**What this task involves:** The result should be a faithful copy of every entry below, with the pictures left out.

■ ■ ■

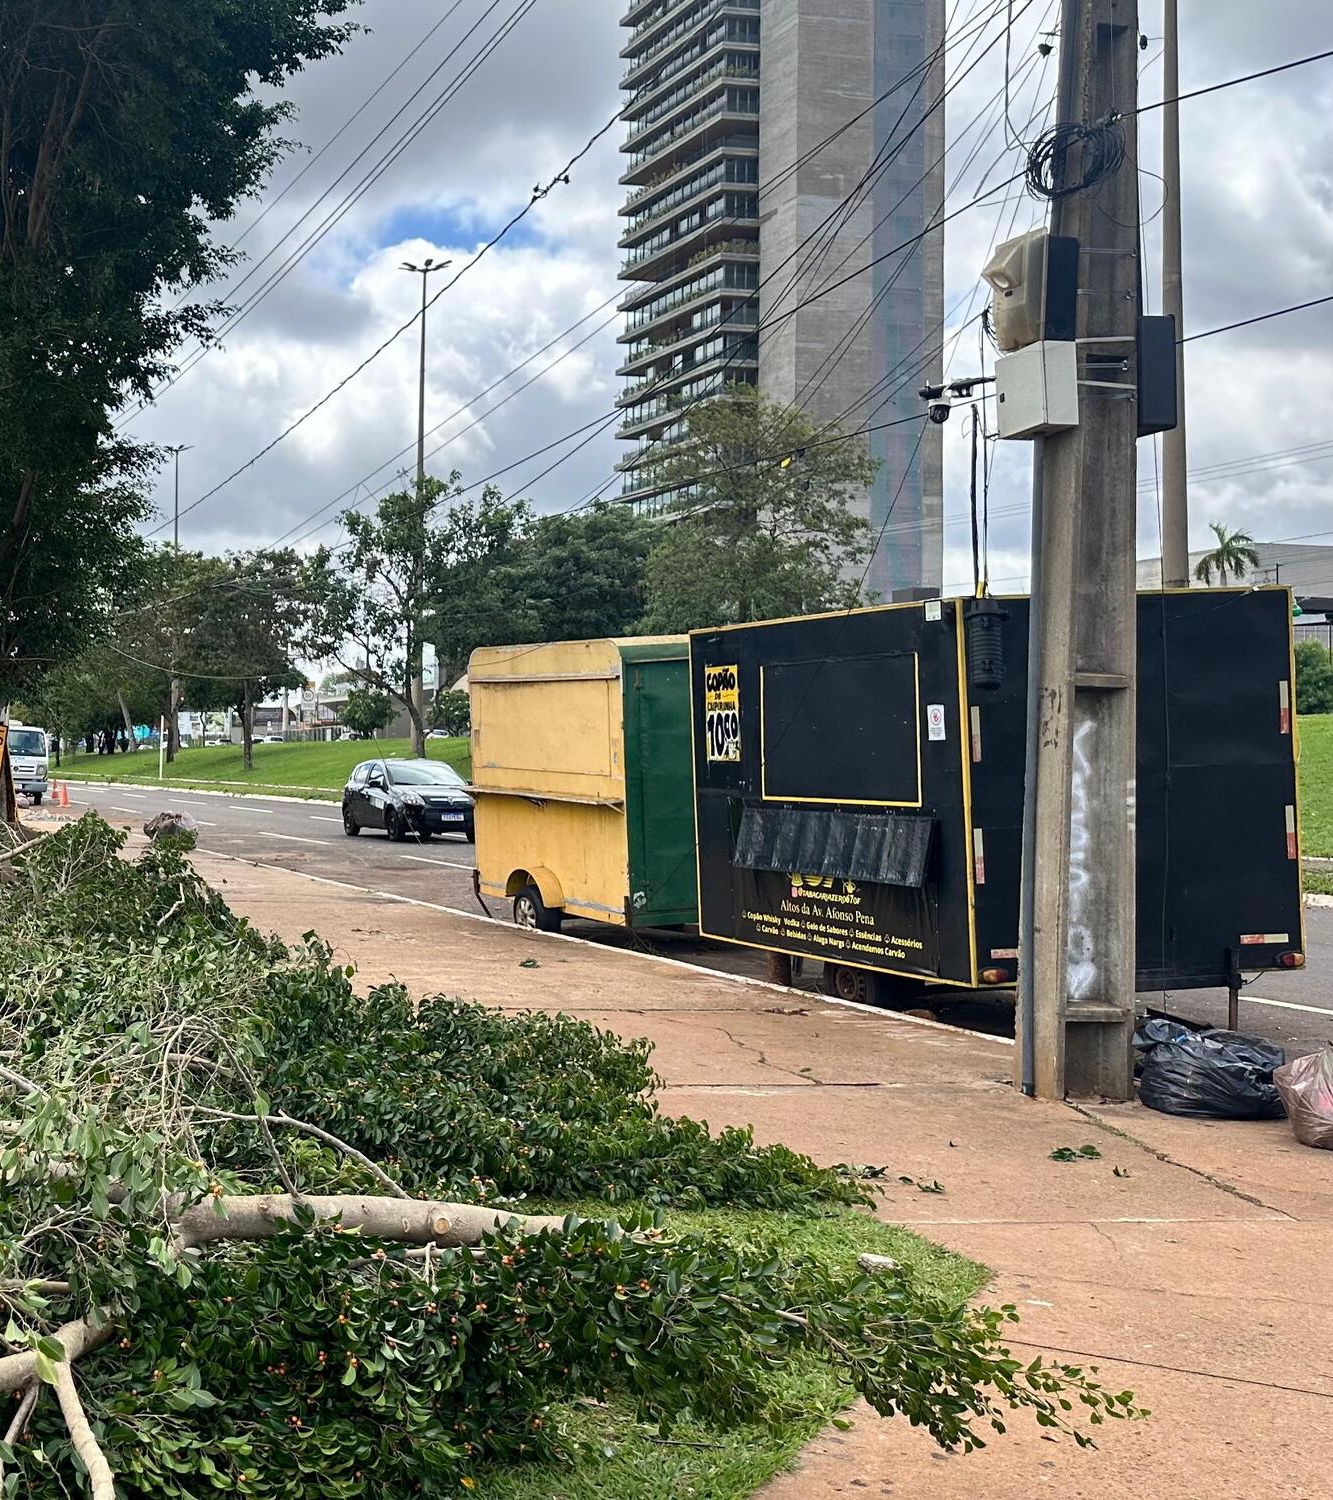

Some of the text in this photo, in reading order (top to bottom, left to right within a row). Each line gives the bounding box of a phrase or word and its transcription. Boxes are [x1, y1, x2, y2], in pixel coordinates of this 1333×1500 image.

[707, 668, 735, 692] COPÃO
[780, 899, 874, 926] Altos da Av. Afonso Pena
[761, 925, 779, 935] Carvão
[786, 929, 806, 940] Bebidas
[851, 941, 884, 955] Acendemos
[884, 947, 906, 959] Carvão
[763, 914, 781, 926] Whisky
[784, 917, 800, 927] Vodka
[819, 923, 826, 932] de
[826, 925, 848, 936] Sabores
[855, 929, 882, 942] Essências
[891, 935, 923, 950] Acessórios
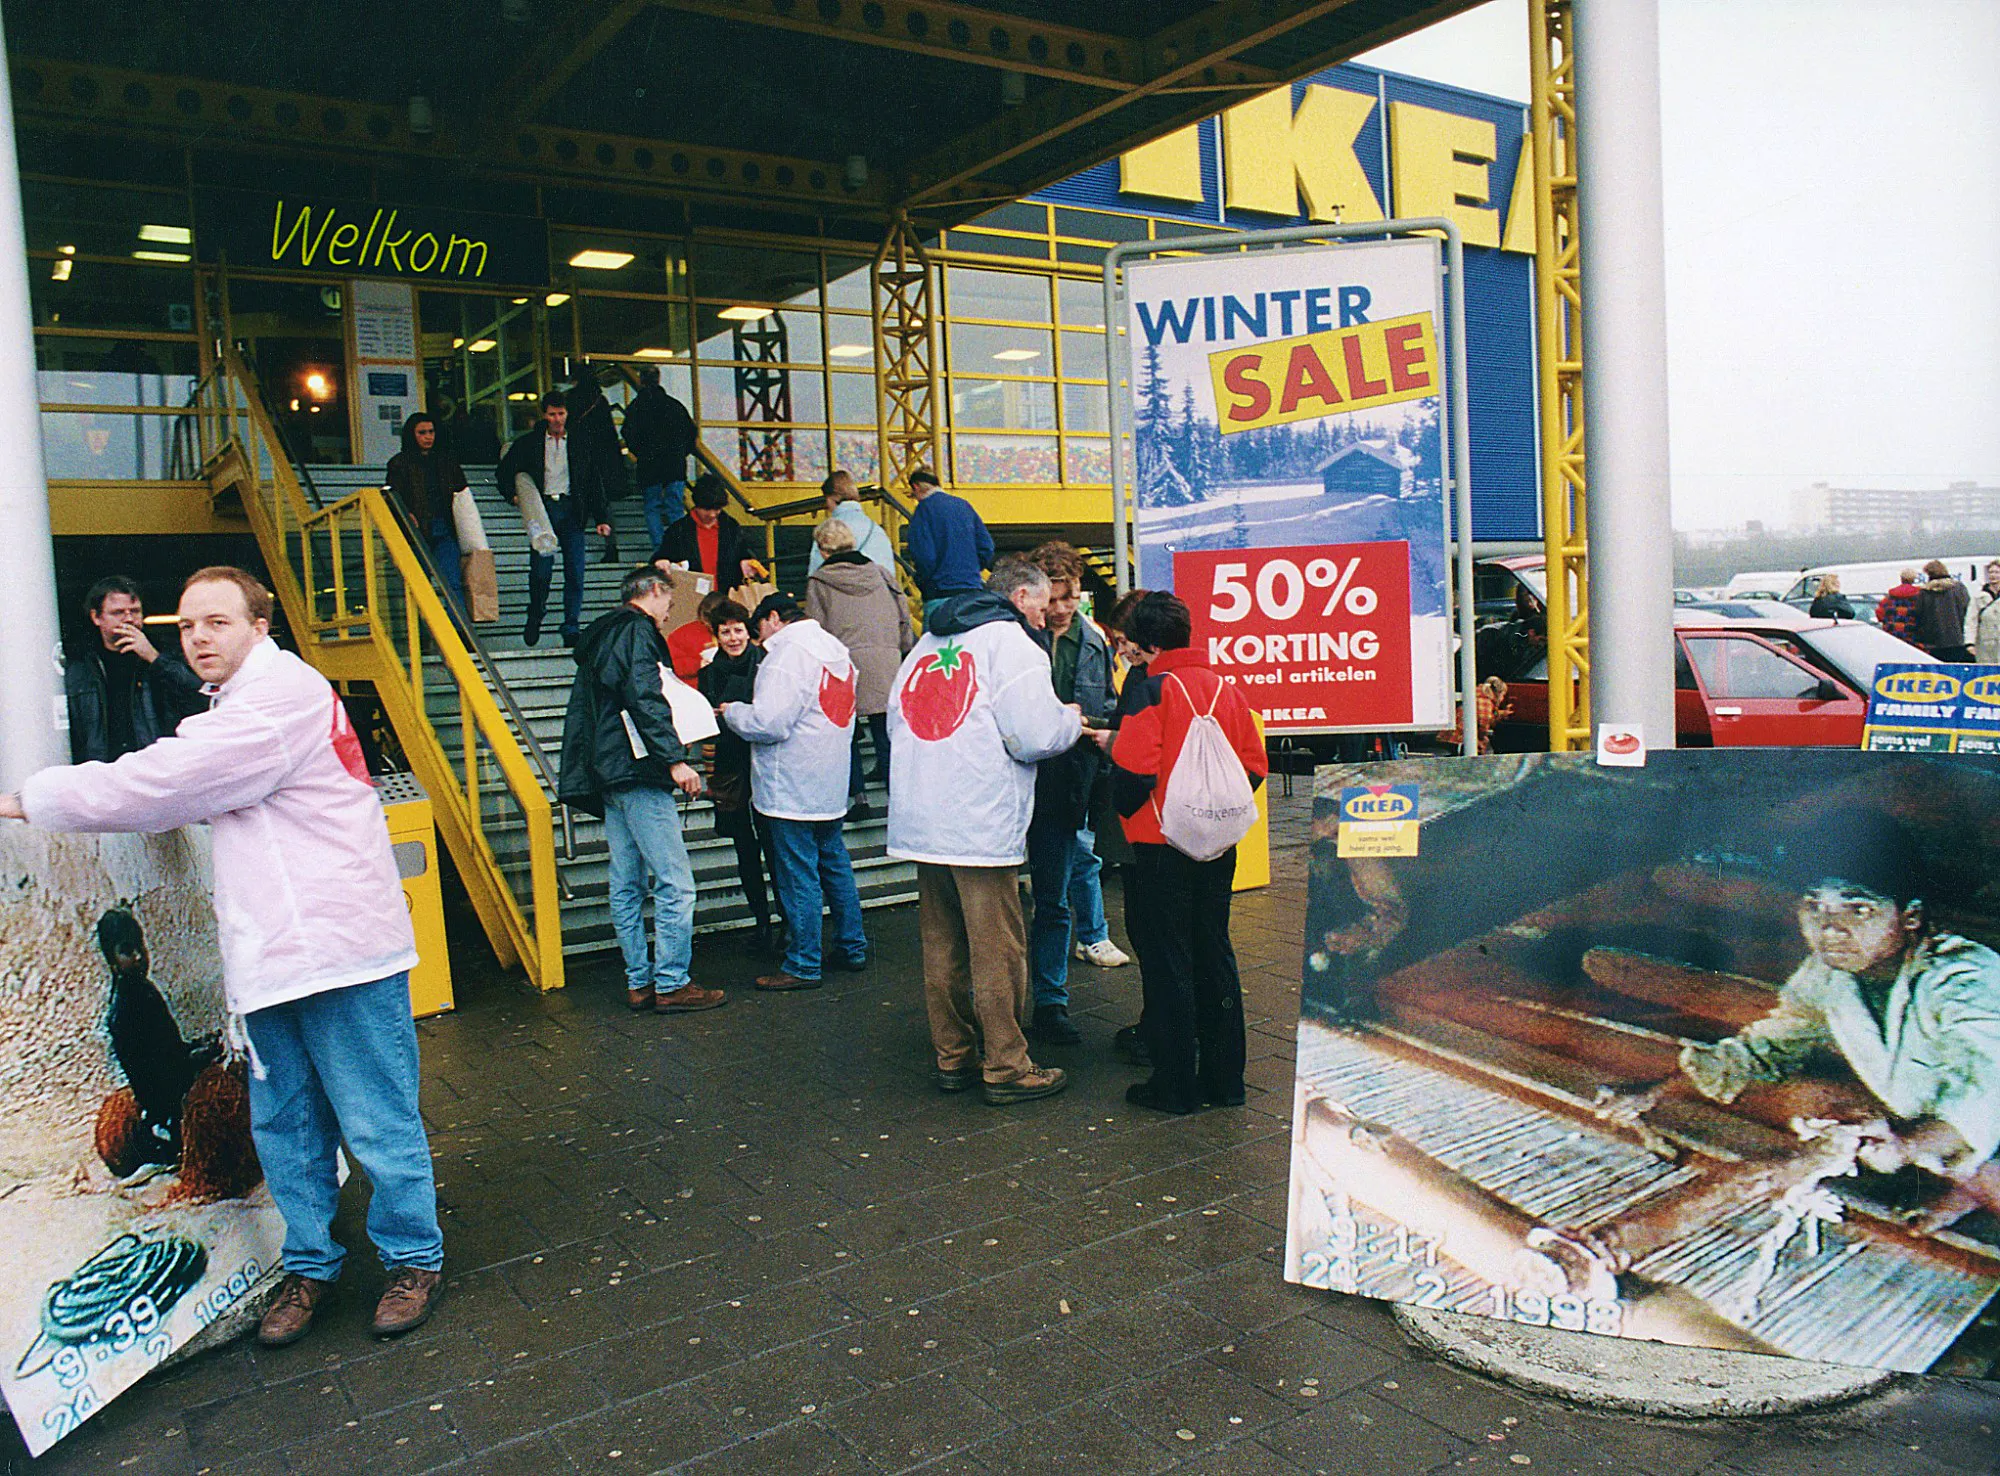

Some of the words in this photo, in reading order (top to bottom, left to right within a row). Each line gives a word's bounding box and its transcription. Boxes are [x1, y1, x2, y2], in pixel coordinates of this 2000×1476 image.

[272, 201, 488, 276] Welkom
[1135, 285, 1371, 346] WINTER
[1224, 322, 1431, 422] SALE
[1209, 557, 1378, 622] 50%
[1208, 630, 1380, 665] KORTING
[1242, 668, 1283, 684] veel
[1289, 665, 1377, 682] artikelen
[1884, 679, 1953, 694] IKEA
[1262, 707, 1327, 721] IKEA
[1875, 703, 1957, 718] FAMILY
[1353, 799, 1405, 813] IKEA
[1488, 1284, 1624, 1337] 1998
[51, 1294, 160, 1390] 9:39

■ ■ ■

**Output for this task:**
Some of the text in this photo, in reading order (top to bottom, left to right within a row). Each line gives the bounding box of a phrase or word and its transcription. Boxes are [x1, y1, x2, y2], in pixel coordinates of this 1333×1500 image.

[707, 668, 735, 692] COPÃO
[780, 899, 874, 926] Altos da Av. Afonso Pena
[761, 925, 779, 935] Carvão
[786, 929, 806, 940] Bebidas
[851, 941, 884, 955] Acendemos
[884, 947, 906, 959] Carvão
[763, 914, 781, 926] Whisky
[784, 917, 800, 927] Vodka
[819, 923, 826, 932] de
[826, 925, 848, 936] Sabores
[855, 929, 882, 942] Essências
[891, 935, 923, 950] Acessórios

Some of the words in this photo, in reading order (top to bottom, left to right within a row). Each line gives a word's bounding box and its transcription. Boxes are [x1, y1, x2, y2], in pixel coordinates of this 2000×1476 image.

[272, 201, 488, 276] Welkom
[1135, 285, 1371, 346] WINTER
[1224, 322, 1431, 422] SALE
[1209, 557, 1378, 622] 50%
[1208, 630, 1380, 665] KORTING
[1242, 668, 1283, 684] veel
[1289, 665, 1377, 682] artikelen
[1884, 679, 1953, 694] IKEA
[1262, 707, 1327, 721] IKEA
[1875, 703, 1957, 718] FAMILY
[1353, 799, 1405, 813] IKEA
[1488, 1284, 1624, 1337] 1998
[51, 1294, 160, 1390] 9:39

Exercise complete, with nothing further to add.